---- INPUT DATA

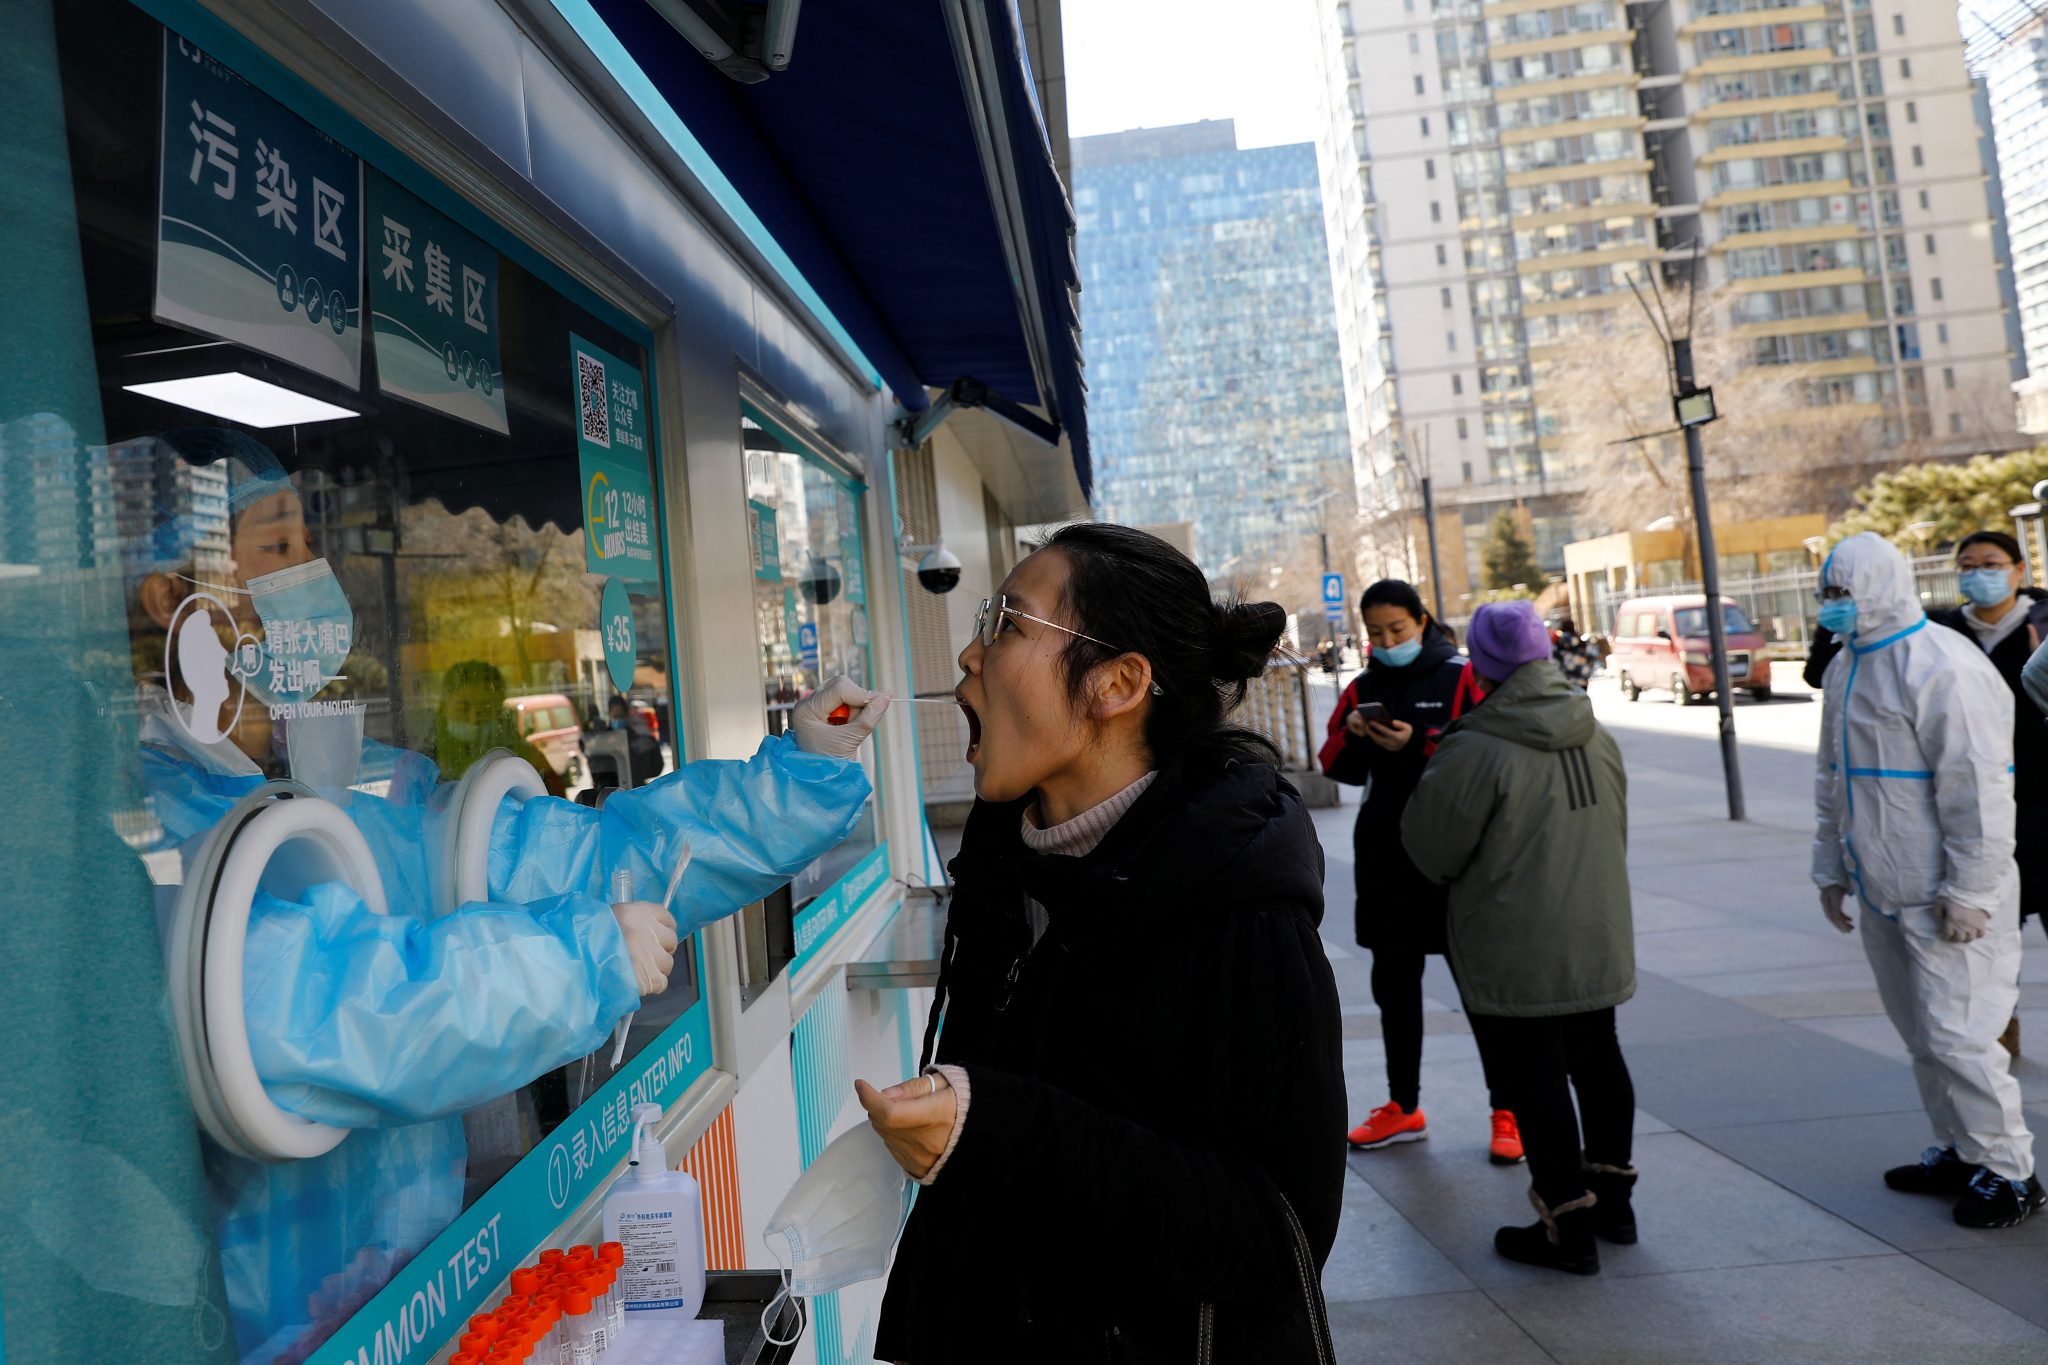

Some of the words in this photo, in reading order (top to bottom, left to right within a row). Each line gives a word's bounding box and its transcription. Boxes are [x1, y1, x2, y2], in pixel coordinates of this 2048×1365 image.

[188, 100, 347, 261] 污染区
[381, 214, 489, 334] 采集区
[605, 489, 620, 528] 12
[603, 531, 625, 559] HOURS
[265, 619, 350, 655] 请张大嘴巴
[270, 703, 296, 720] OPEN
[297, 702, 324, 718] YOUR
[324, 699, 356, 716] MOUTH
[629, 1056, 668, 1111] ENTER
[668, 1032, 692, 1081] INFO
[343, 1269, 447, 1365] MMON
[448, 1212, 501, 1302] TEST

--------

_TASK ITEM_
Exact copies of the entries above are needed, with every picture removed.

_OUTPUT_
Some of the words in this photo, in reading order (top to bottom, left to right within a row). Each line gives a word's bounding box and its transcription. Boxes are [x1, y1, x2, y2], in pixel coordinates of this 2048×1365 image.

[188, 100, 347, 261] 污染区
[381, 214, 489, 334] 采集区
[605, 489, 620, 528] 12
[603, 531, 625, 559] HOURS
[265, 619, 350, 655] 请张大嘴巴
[270, 703, 296, 720] OPEN
[297, 702, 324, 718] YOUR
[324, 699, 356, 716] MOUTH
[629, 1056, 668, 1111] ENTER
[668, 1032, 692, 1081] INFO
[343, 1269, 447, 1365] MMON
[448, 1212, 501, 1302] TEST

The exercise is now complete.